### [EXERCISE DESCRIPTION]
Please retype all of the records below word for word, leaving out any pictures.

### [DATA RECORDS]
====================

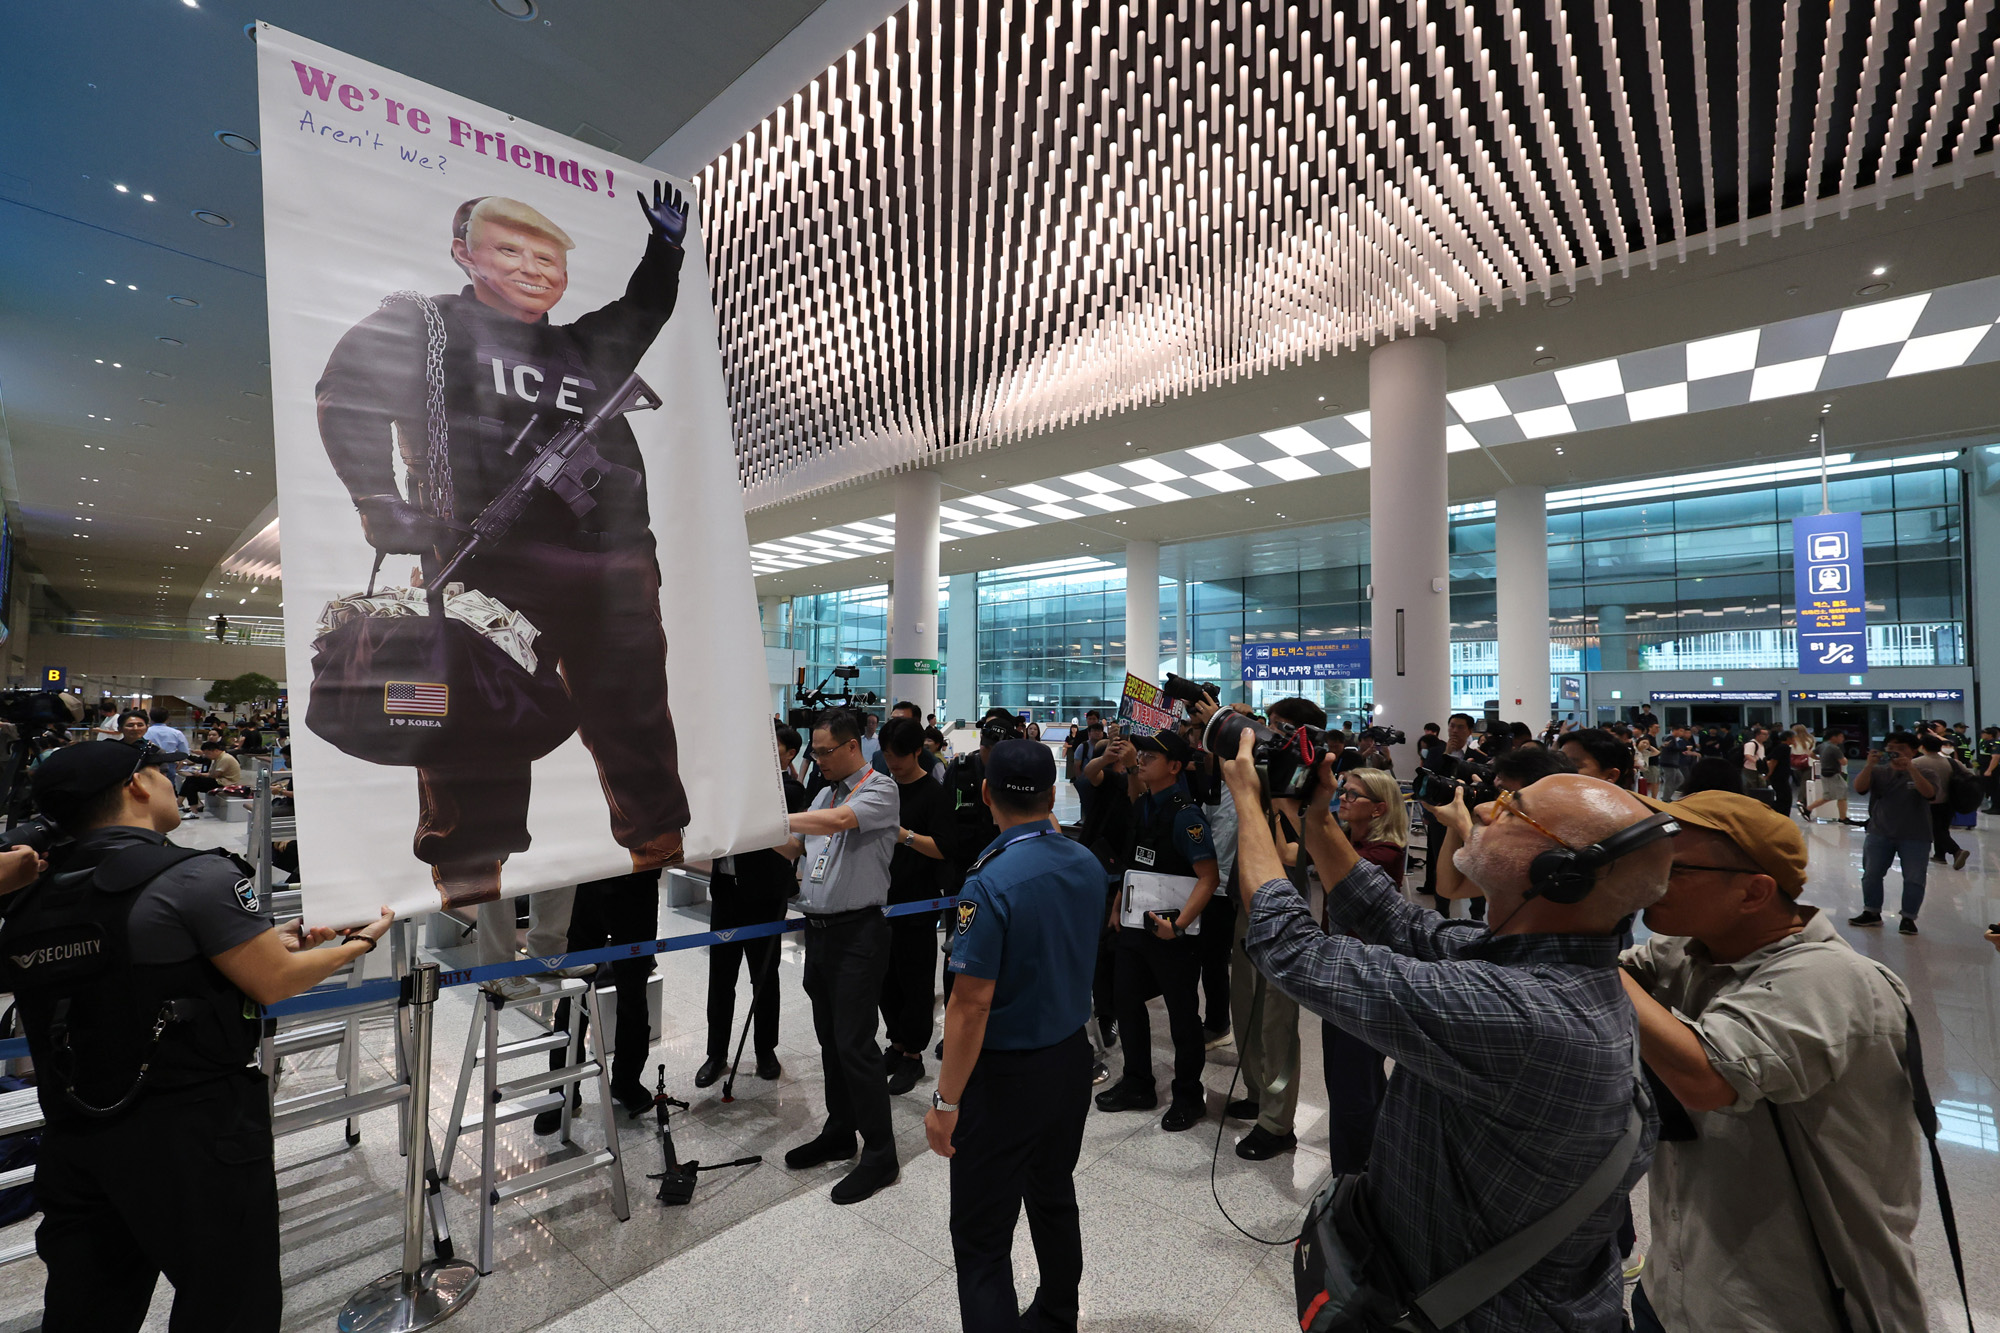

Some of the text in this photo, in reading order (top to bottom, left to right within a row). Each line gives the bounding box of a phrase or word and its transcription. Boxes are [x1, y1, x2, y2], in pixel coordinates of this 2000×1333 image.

[291, 59, 616, 198] We're Friends!
[299, 110, 447, 175] Aren't We?
[491, 357, 584, 414] ICE
[1810, 642, 1824, 651] B1
[48, 670, 60, 681] B
[407, 719, 442, 728] KOREA
[1006, 783, 1035, 791] POLICE
[38, 939, 102, 965] SECURITY
[439, 969, 473, 985] RITY
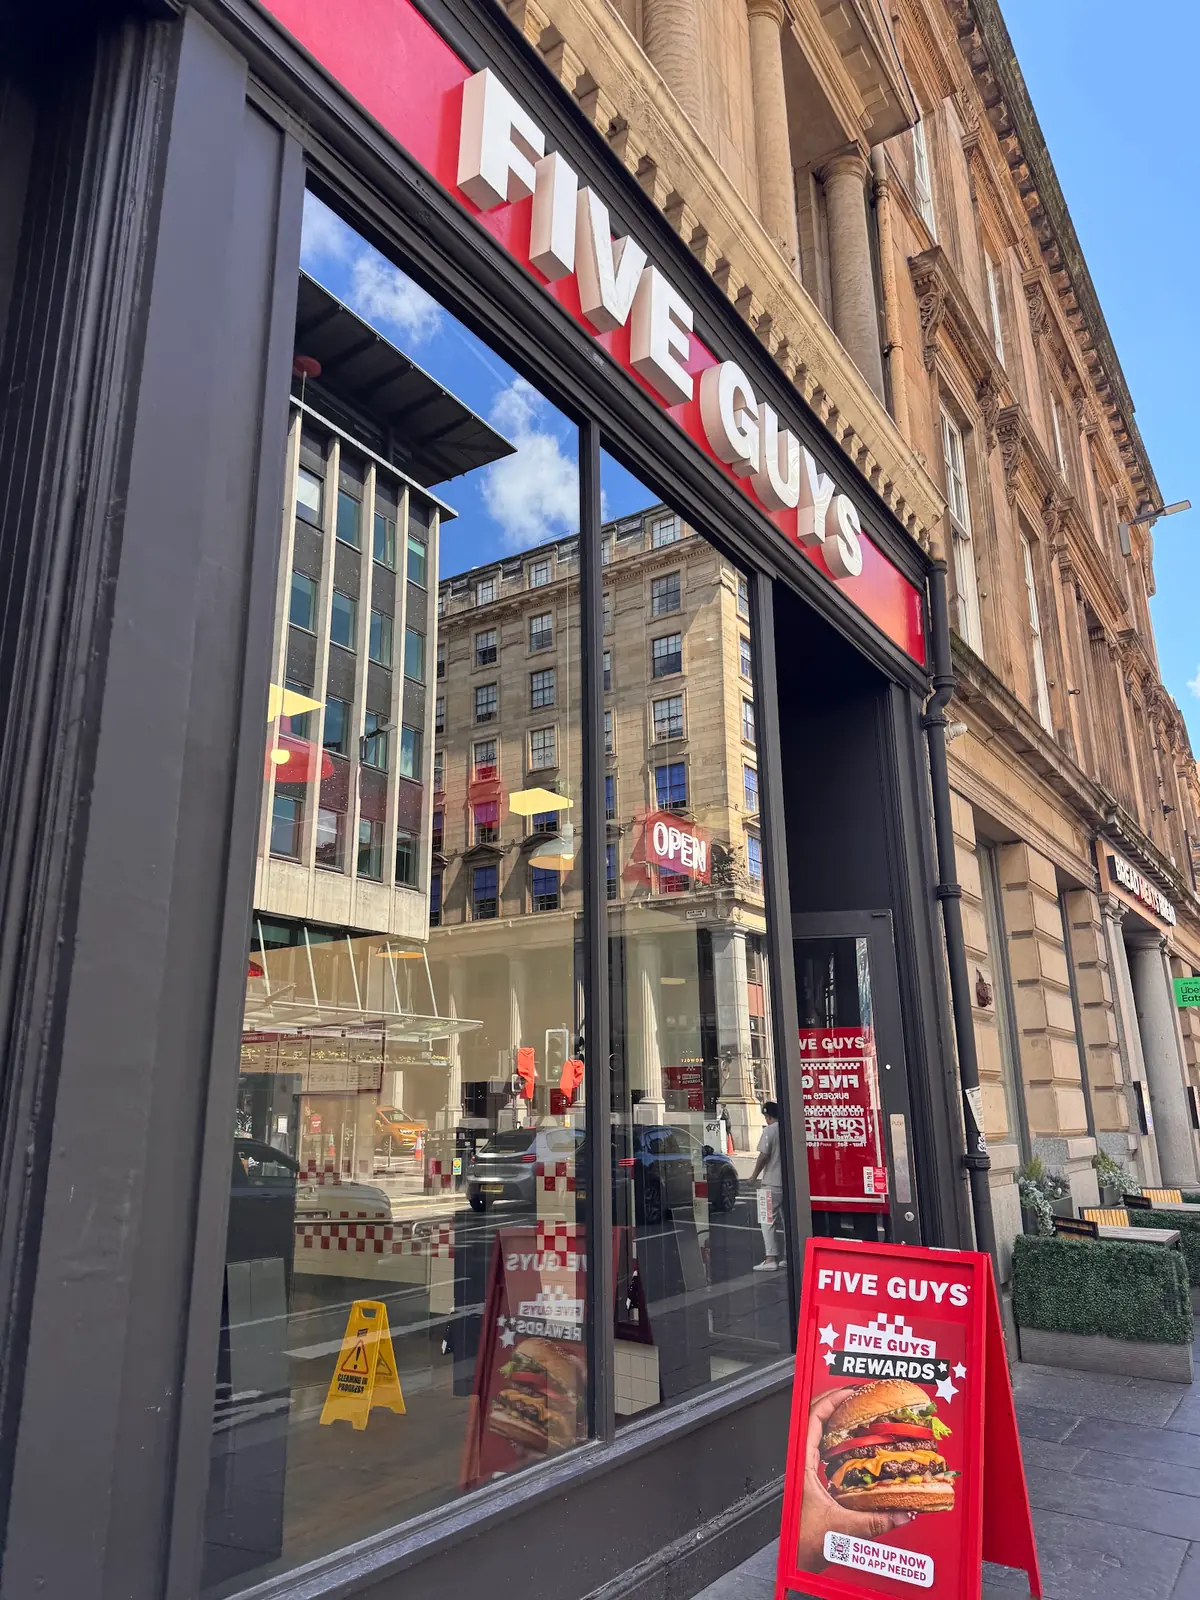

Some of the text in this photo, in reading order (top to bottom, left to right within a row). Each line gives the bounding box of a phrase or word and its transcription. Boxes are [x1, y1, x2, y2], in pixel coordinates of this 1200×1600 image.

====================

### [SOLUTION FOR THIS TASK]
Some of the text in this photo, in reading order (top to bottom, left to right within a row). Each line gives the bounding box of a phrase or word and its transcription. Boxes are [x1, y1, x2, y2], in pixel coordinates of this 2000×1333 image.

[291, 59, 616, 198] We're Friends!
[299, 110, 447, 175] Aren't We?
[491, 357, 584, 414] ICE
[1810, 642, 1824, 651] B1
[48, 670, 60, 681] B
[407, 719, 442, 728] KOREA
[1006, 783, 1035, 791] POLICE
[38, 939, 102, 965] SECURITY
[439, 969, 473, 985] RITY

Some of the text in this photo, in reading order (top to bottom, left to right within a row). Each line gives the bounding box of a phrase or word and its transcription. Boxes are [x1, y1, x2, y2], in pixel coordinates of this 1200×1600 image.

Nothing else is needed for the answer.